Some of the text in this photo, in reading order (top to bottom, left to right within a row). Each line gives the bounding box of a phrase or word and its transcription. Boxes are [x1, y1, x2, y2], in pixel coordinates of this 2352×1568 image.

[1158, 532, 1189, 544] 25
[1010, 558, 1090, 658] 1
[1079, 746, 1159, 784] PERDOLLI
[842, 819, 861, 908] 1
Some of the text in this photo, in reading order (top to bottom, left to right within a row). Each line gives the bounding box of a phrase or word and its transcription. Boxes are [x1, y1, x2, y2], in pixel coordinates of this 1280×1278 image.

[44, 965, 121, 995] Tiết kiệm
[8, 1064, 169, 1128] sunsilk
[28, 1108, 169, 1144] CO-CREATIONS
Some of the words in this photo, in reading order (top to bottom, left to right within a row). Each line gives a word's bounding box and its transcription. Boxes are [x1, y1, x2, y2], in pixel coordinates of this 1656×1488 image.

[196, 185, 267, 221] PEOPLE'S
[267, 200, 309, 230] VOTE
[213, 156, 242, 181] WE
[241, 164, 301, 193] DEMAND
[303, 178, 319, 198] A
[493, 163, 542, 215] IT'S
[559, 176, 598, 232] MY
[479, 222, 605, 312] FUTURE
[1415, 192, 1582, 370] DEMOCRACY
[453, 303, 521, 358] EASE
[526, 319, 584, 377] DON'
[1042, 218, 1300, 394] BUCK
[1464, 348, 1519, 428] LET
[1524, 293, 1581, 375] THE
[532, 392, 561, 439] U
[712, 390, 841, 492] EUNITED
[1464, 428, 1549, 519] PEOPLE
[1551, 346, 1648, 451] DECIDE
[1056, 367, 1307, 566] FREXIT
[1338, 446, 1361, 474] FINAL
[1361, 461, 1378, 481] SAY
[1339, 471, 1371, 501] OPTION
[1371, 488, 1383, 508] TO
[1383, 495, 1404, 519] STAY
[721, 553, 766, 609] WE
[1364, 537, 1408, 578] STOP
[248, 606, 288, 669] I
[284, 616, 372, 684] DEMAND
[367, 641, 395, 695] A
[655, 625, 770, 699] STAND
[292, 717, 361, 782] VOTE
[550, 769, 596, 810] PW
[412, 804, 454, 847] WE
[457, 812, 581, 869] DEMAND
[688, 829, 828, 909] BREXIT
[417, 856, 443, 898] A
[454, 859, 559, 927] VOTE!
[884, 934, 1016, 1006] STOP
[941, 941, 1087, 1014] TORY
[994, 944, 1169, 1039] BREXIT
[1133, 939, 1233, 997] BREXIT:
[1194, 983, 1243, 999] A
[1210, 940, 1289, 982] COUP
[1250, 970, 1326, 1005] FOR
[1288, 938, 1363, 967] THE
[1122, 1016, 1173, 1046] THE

• • • • •

__Exercise description__. Reprint the entire listing exactly.

__Your response__.
Some of the text in this photo, in reading order (top to bottom, left to right within a row). Each line gives the bounding box of a phrase or word and its transcription. Boxes are [x1, y1, x2, y2], in pixel coordinates of this 2352×1568 image.

[1158, 532, 1189, 544] 25
[1010, 558, 1090, 658] 1
[1079, 746, 1159, 784] PERDOLLI
[842, 819, 861, 908] 1
Some of the text in this photo, in reading order (top to bottom, left to right within a row). Each line gives the bounding box of a phrase or word and its transcription. Boxes are [x1, y1, x2, y2], in pixel coordinates of this 1280×1278 image.

[44, 965, 121, 995] Tiết kiệm
[8, 1064, 169, 1128] sunsilk
[28, 1108, 169, 1144] CO-CREATIONS
Some of the words in this photo, in reading order (top to bottom, left to right within a row). Each line gives a word's bounding box and its transcription. Boxes are [x1, y1, x2, y2], in pixel coordinates of this 1656×1488 image.

[196, 185, 267, 221] PEOPLE'S
[267, 200, 309, 230] VOTE
[213, 156, 242, 181] WE
[241, 164, 301, 193] DEMAND
[303, 178, 319, 198] A
[493, 163, 542, 215] IT'S
[559, 176, 598, 232] MY
[479, 222, 605, 312] FUTURE
[1415, 192, 1582, 370] DEMOCRACY
[453, 303, 521, 358] EASE
[526, 319, 584, 377] DON'
[1042, 218, 1300, 394] BUCK
[1464, 348, 1519, 428] LET
[1524, 293, 1581, 375] THE
[532, 392, 561, 439] U
[712, 390, 841, 492] EUNITED
[1464, 428, 1549, 519] PEOPLE
[1551, 346, 1648, 451] DECIDE
[1056, 367, 1307, 566] FREXIT
[1338, 446, 1361, 474] FINAL
[1361, 461, 1378, 481] SAY
[1339, 471, 1371, 501] OPTION
[1371, 488, 1383, 508] TO
[1383, 495, 1404, 519] STAY
[721, 553, 766, 609] WE
[1364, 537, 1408, 578] STOP
[248, 606, 288, 669] I
[284, 616, 372, 684] DEMAND
[367, 641, 395, 695] A
[655, 625, 770, 699] STAND
[292, 717, 361, 782] VOTE
[550, 769, 596, 810] PW
[412, 804, 454, 847] WE
[457, 812, 581, 869] DEMAND
[688, 829, 828, 909] BREXIT
[417, 856, 443, 898] A
[454, 859, 559, 927] VOTE!
[884, 934, 1016, 1006] STOP
[941, 941, 1087, 1014] TORY
[994, 944, 1169, 1039] BREXIT
[1133, 939, 1233, 997] BREXIT:
[1194, 983, 1243, 999] A
[1210, 940, 1289, 982] COUP
[1250, 970, 1326, 1005] FOR
[1288, 938, 1363, 967] THE
[1122, 1016, 1173, 1046] THE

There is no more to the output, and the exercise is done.